Article

“Cutting Water": 3 Ways to Define MVP in Data & Analytics Agile Projects

Written by Oleg Kazantsev

Agile delivery methods have, over the past 20 years, become firmly ingrained in the collective know-how of the technology world. It’s common knowledge that Agile allows small teams to be productive at scale, delivering value to a business when it’s most needed and absorbing risks and uncertainty like no other approach.

But proposing Agile methods to professionals in the Data & Analytics field is more likely to yield a resounding “Yeah…no.” Everyone agrees that agility is great, but many, many data people feel that Agile methodology just isn’t made for big data.

One of the big reasons for this methodology dysmorphia (as one might call it) is confusion around MVP. The Minimum Viable Product (MVP), central to the philosophy of Agile delivery, is a releasable and value-adding feature of a system that can be packaged and rolled out to the end-user at the completion of an iterative delivery cycle.

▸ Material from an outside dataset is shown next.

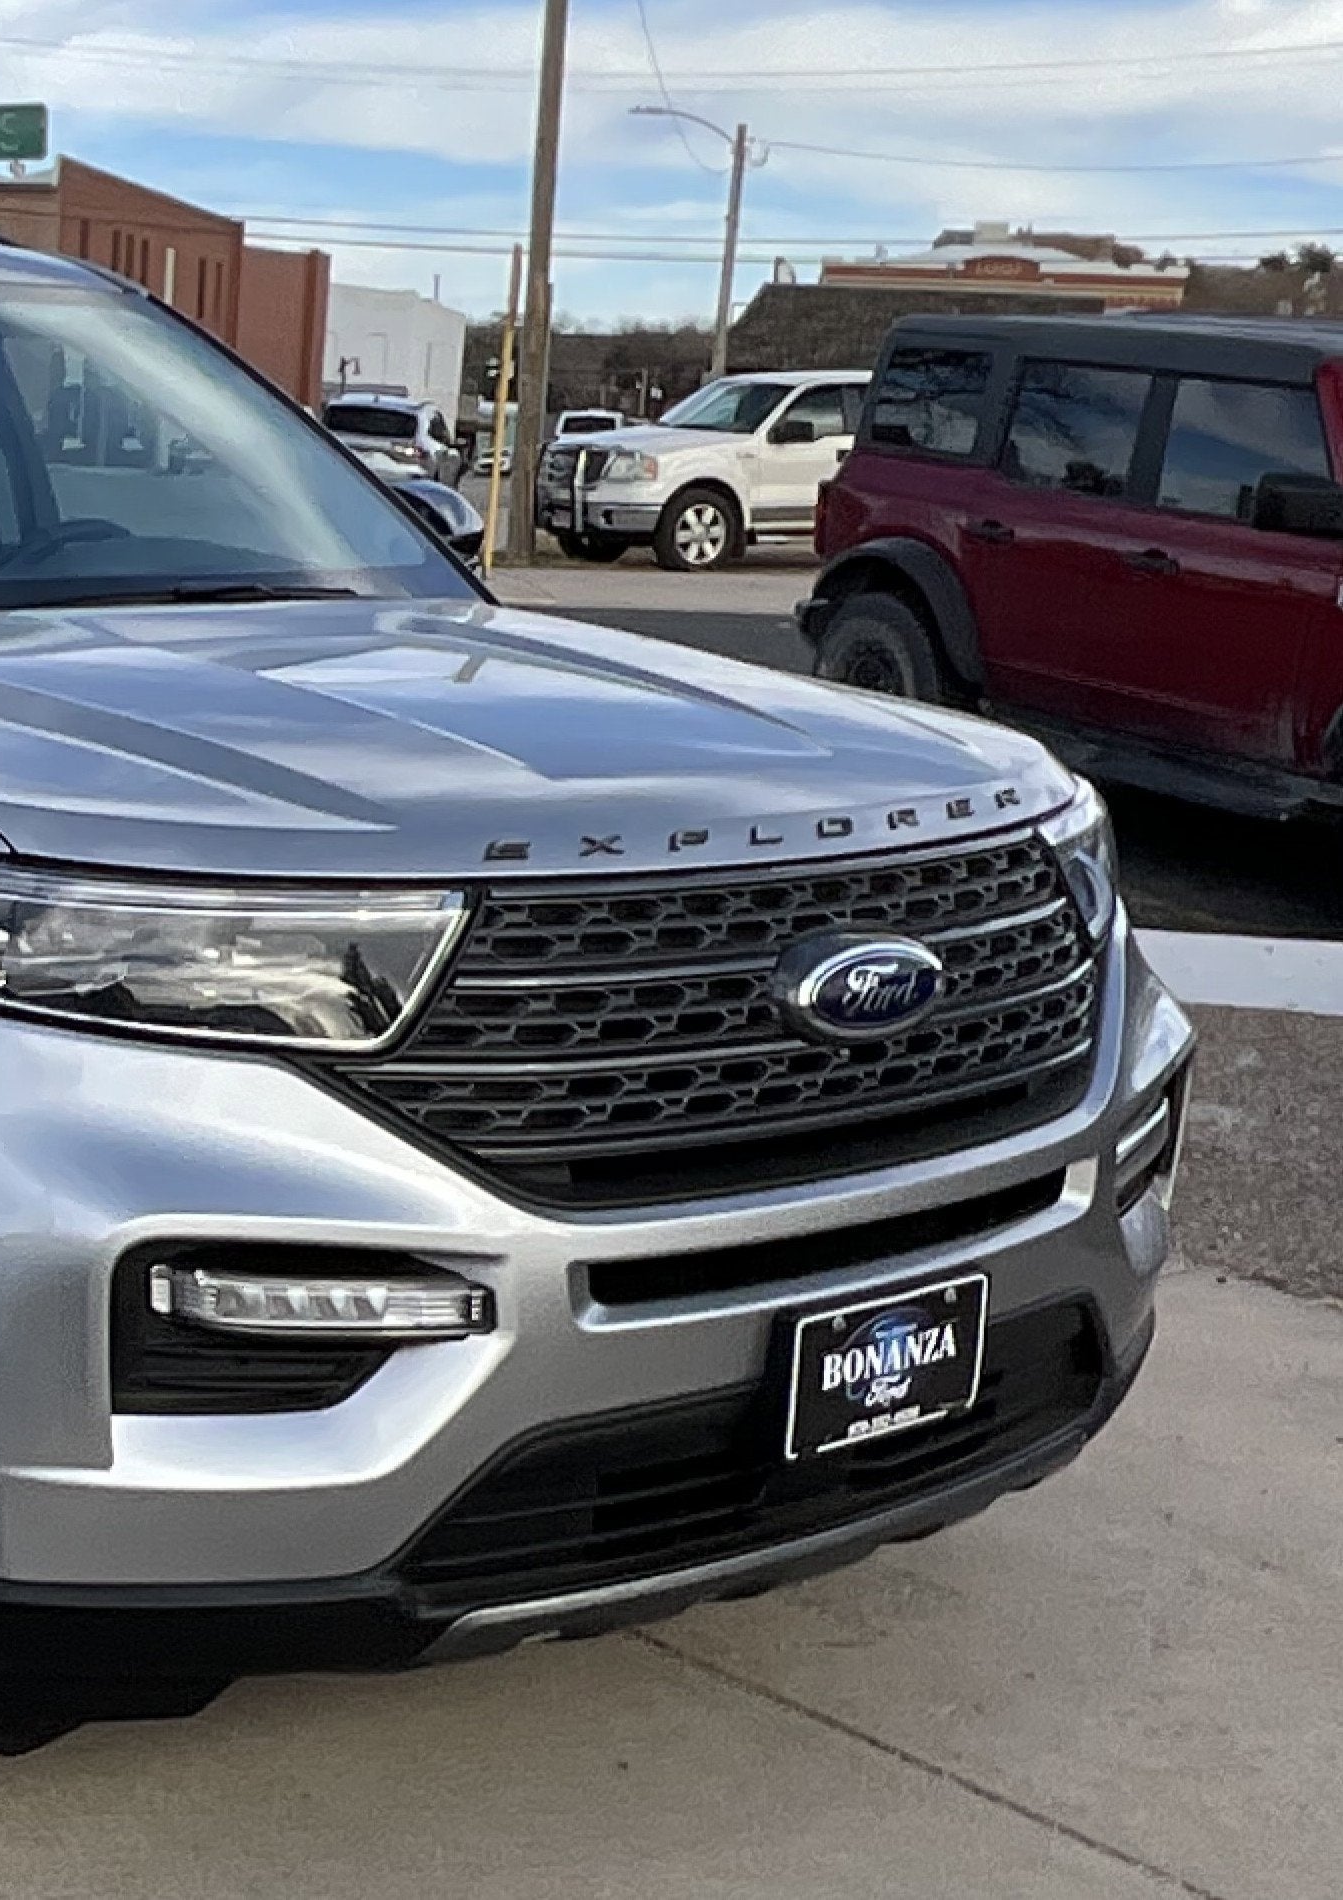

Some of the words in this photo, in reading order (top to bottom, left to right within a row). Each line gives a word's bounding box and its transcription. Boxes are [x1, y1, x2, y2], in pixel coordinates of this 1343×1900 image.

[483, 787, 1021, 861] EXPLORER
[841, 962, 920, 1017] Ford
[821, 1323, 957, 1391] BONANZA

Agile originated in the world of application-centric startups, so an MVP is usually illustrated by Agile coaches as some widget, enhancement, or new capability. It’s an appetizer that a server brings to the restaurant table so the customers can bite into something while they wait for the main course. Cutting up a large project into mini finished ‘courses’ like this keeps everyone from getting impatient and hangry.

When a similar gastronomic metaphor was used in a recent Agile class for a Data & Analytics division of a major financial institution, everyone nodded. Then, one person raised a hand.

“But what we deal with here is DATA,” they said. “It’s more like juice. Or Wine. Or water. How do you cut water?”

Bullseye. That’s the MVP problem for data in a nutshell. It’s hard to define segments in data—there’s no clear development or test stage. It all overlaps. Contrasted with software features, data and information are much less compartmentalized into usable objects with a clear human-centric function.

Does creating and standardizing a new staging table on the backend constitute an MVP? Is a large data load an MVP? Or should a consulting team just divide a linear, waterfall-like project into multiple two-week sprints, skipping the concept of MVP altogether, and call it “as Agile as it gets?”

Let’s explore the fine art of water-cutting (that is, how to define MVP in Data & Analytics) using three real world examples.

A cross-section of blue moving water viewed from the side

1. MVP as data journey: Medallion architecture

Here’s the use case: A large financial institution is looking to give its multiple divisions equal access to the troves of accumulated data from in a central location—ideally, a cloud. How should they divide such a large cloud transformation into meaningful MVPs?

Answer: When the scale and volume of data transformation are the main challenge, consider dividing the data journey itself, using the concept of Medallion architecture.

Medallion, coined by DataBricks, divides the data journey into three stages:

Bronze: raw, unprocessed data delivered as-is from its source to an agreed-upon central location (a “lakehouse,” often a cloud)
‍Silver: Aggregated, standardized, structured data with eliminated anomalies (like null values)‍
Gold: Data finalized for the end users, with an understanding of their specific demands (like breaking it up by meaningful period, filtering by specific function, etc.)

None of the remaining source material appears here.